PL-40​​ is a ​​cardiolipin-mimetic ionizable lipid​​ engineered for high-efficiency, antibody-free mRNA delivery to T cells. PL 40 LNPs exhibit a mean particle size of ​​120 nm​​, zeta potential of ​​-5.19 mV​​, and >80% mRNA encapsulation efficiency, with excellent plasma stability (≤5% size change after 6h in serum). Cryo-TEM reveals ​​polyhedral nanoparticles​​ with phase-separated domains, while SAXS confirms tight mRNA packing (d-spacing: ​​~3 nm​​ vs. 6.64 nm in conventional LNPs).
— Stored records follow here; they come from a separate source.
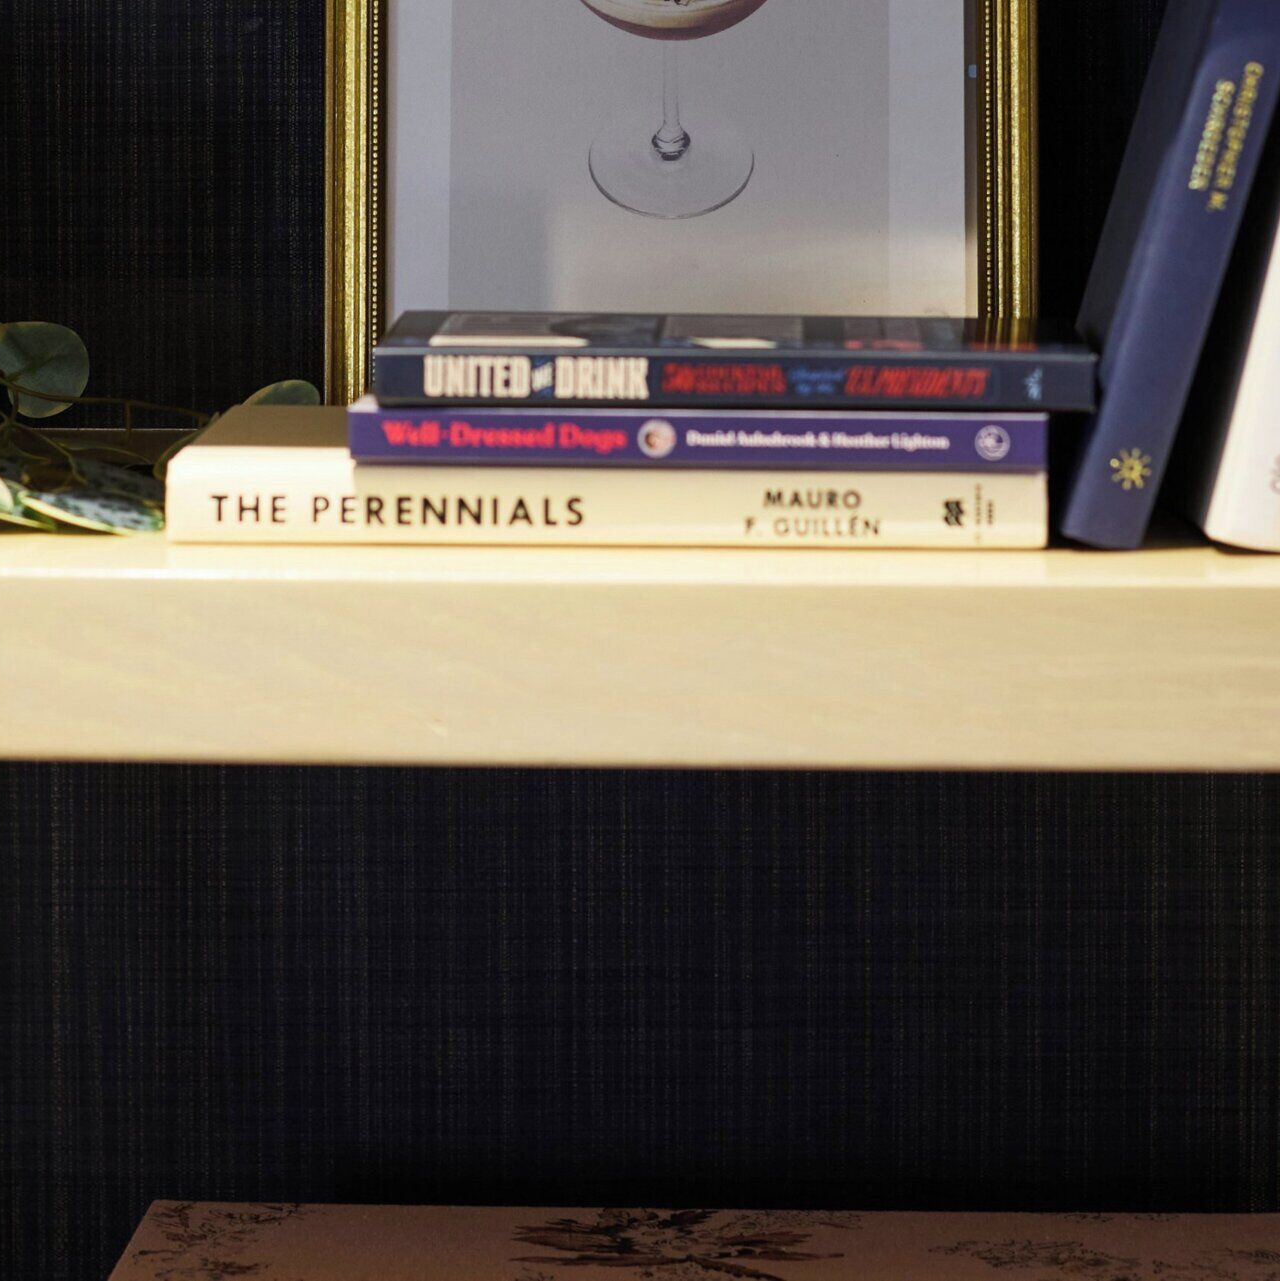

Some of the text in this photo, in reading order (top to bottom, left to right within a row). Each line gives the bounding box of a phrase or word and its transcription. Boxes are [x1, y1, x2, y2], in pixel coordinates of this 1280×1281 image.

[1212, 59, 1266, 191] CHRISTOPHER
[423, 354, 531, 398] UNITED
[554, 356, 650, 400] DRINK
[381, 420, 628, 454] Well-Dressed Dogs
[211, 494, 585, 526] THE PERENNIALS
[763, 489, 862, 510] MAURO
[745, 515, 881, 537] F. GUILLÉN
AFM demonstrates exceptional rigidity (high bending modulus), enabling T cell-selective uptake via actin-mediated endocytosis (>2× higher than ALC0315 LNPs).In primary human T cells, PL40 LNPs achieve ​​>90% transfection​​ at 0.5 μg mRNA dose and sustain >100× higher luciferase expression than benchmark lipids. When delivering circular RNA, they extend protein expression ​​>5 days​​ with superior spleen tropism (spleen:liver ratio = ​​2.63​​). Crucially, they reprogram T cells into functional CAR-Ts in vivo without antibody conjugation, evading exhaustion markers (no Tim-3/PD-1 upregulation). Therapeutically, PL40-based uPAR-targeted CAR mRNA reduces liver fibrosis (​​collagen↓50%​​, ALT↓50%) and rheumatoid arthritis severity (​​clinical scores↓60%​​) by clearing senescent cells. Humanized anti-uPAR CARs delivered via PL40 show near-complete cytotoxicity (>95%) against uPAR+ cells, underscoring clinical translatability.